##### The input
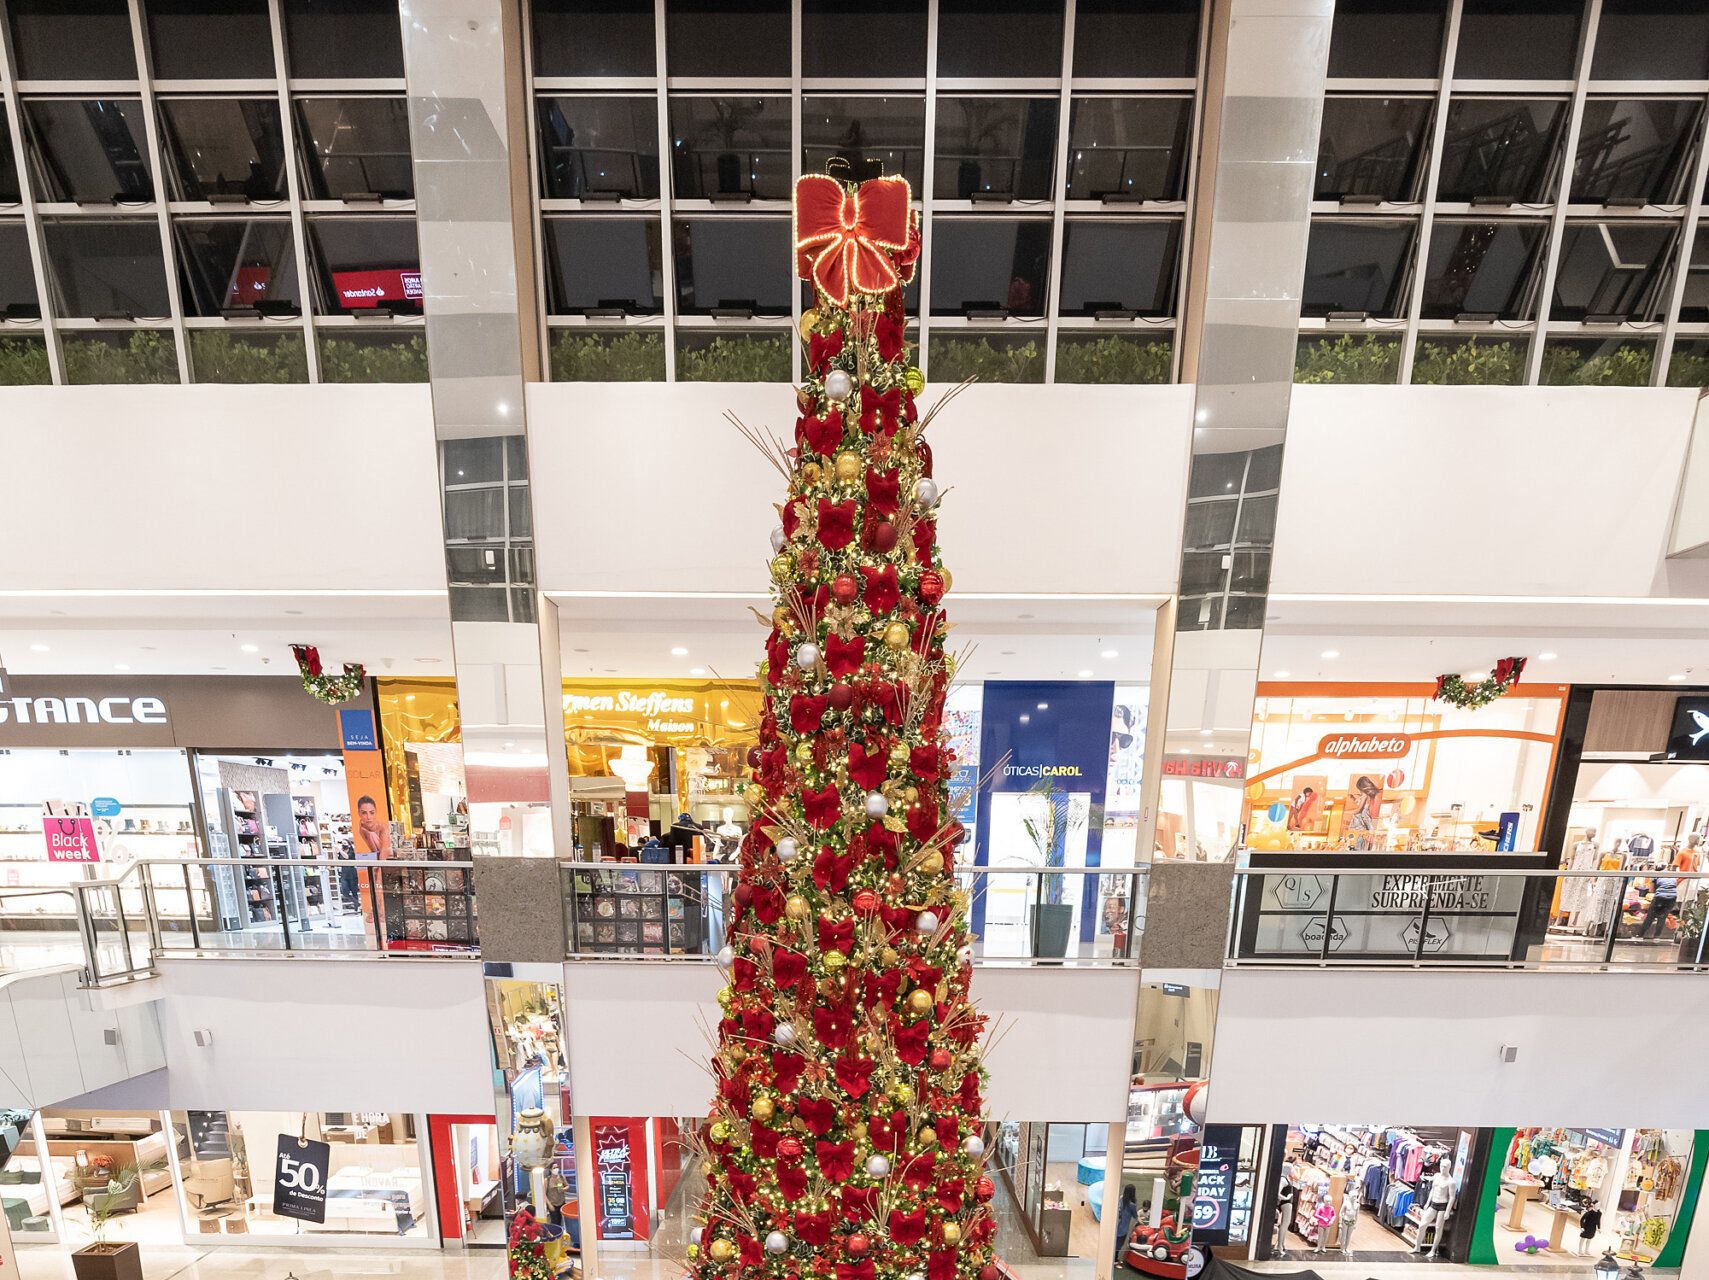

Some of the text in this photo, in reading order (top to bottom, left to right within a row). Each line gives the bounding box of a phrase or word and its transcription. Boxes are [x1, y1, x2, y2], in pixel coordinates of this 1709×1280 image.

[615, 691, 694, 717] Steffens
[647, 719, 694, 732] Maison
[1324, 736, 1405, 757] alphabeto
[1003, 763, 1083, 776] ÓTICAS CAROL
[52, 832, 89, 848] Black
[53, 847, 92, 860] week
[1382, 874, 1485, 892] EXPERMENTE
[1408, 937, 1443, 946] PISFLEX
[279, 1152, 291, 1160] Até
[1197, 1175, 1226, 1185] ACK
[298, 1191, 324, 1202] Desconto
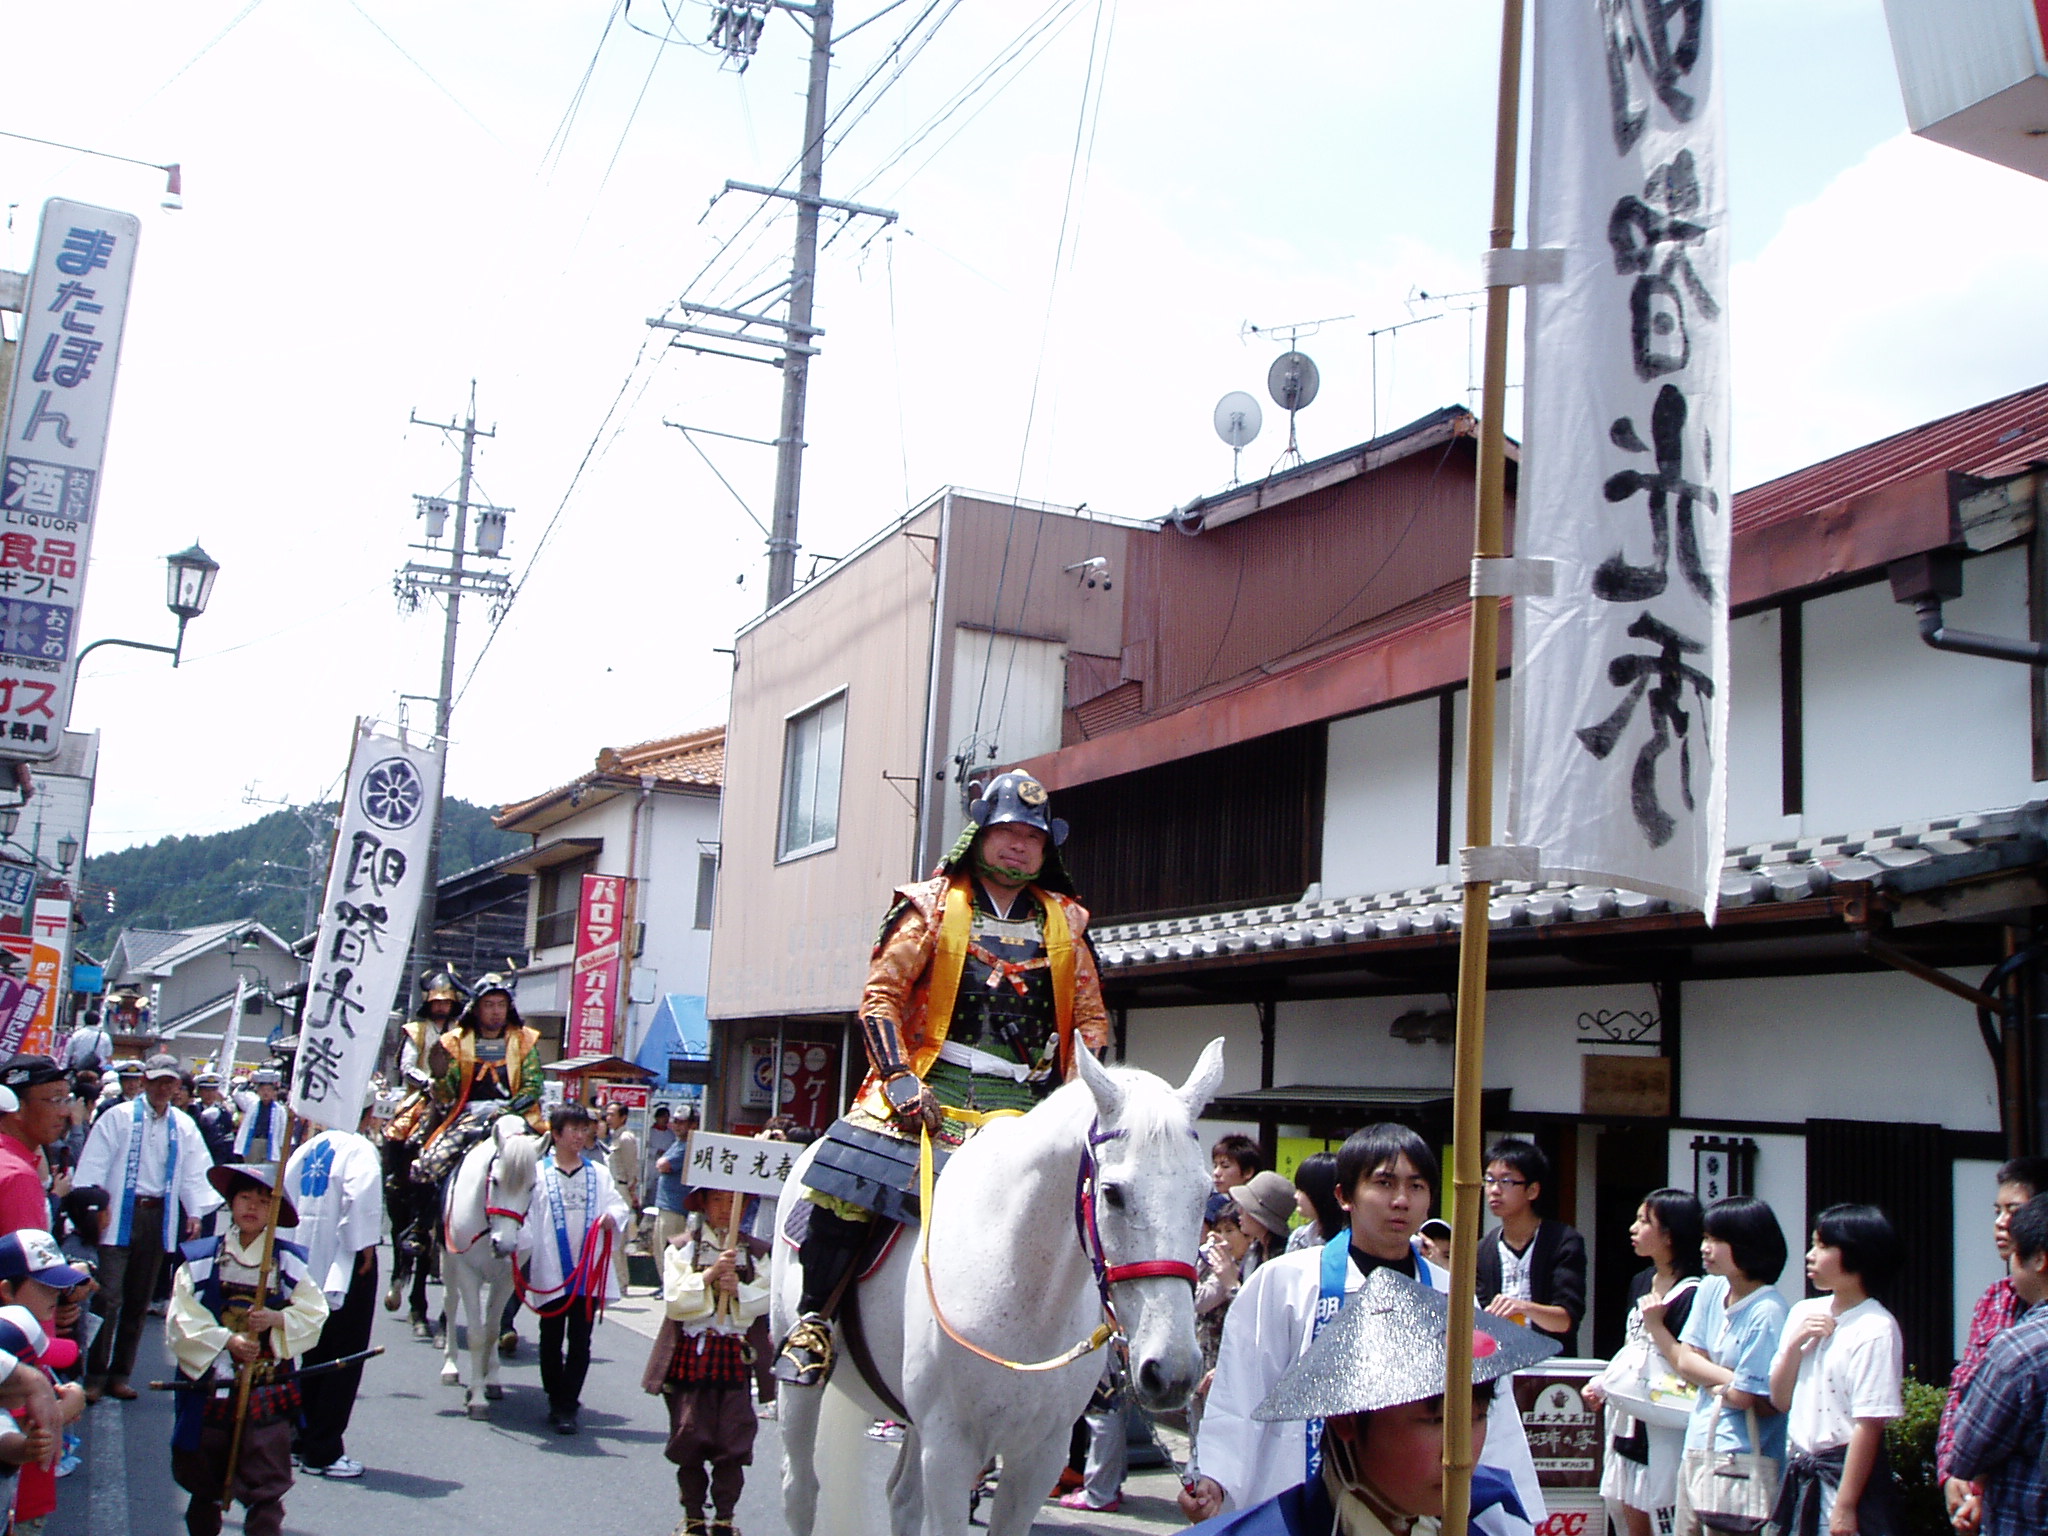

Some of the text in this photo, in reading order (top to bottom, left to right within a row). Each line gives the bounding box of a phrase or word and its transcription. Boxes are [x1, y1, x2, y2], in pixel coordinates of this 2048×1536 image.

[4, 461, 66, 514] 酒
[6, 511, 78, 534] LIQUOR
[0, 532, 77, 579] 食品
[0, 570, 69, 598] ギフト
[42, 608, 69, 657] おこめ
[586, 880, 618, 947] パロマ
##########
■ What to work on
Starting at the line that holds "this 2048×1536 image.", retype each line exactly through the end of the entries, both ends included.

■ Worked solution
Some of the text in this photo, in reading order (top to bottom, left to right within a row). Each line gives the bounding box of a phrase or word and its transcription. Boxes are [x1, y1, x2, y2], in pixel coordinates of this 2048×1536 image.

[4, 461, 66, 514] 酒
[6, 511, 78, 534] LIQUOR
[0, 532, 77, 579] 食品
[0, 570, 69, 598] ギフト
[42, 608, 69, 657] おこめ
[586, 880, 618, 947] パロマ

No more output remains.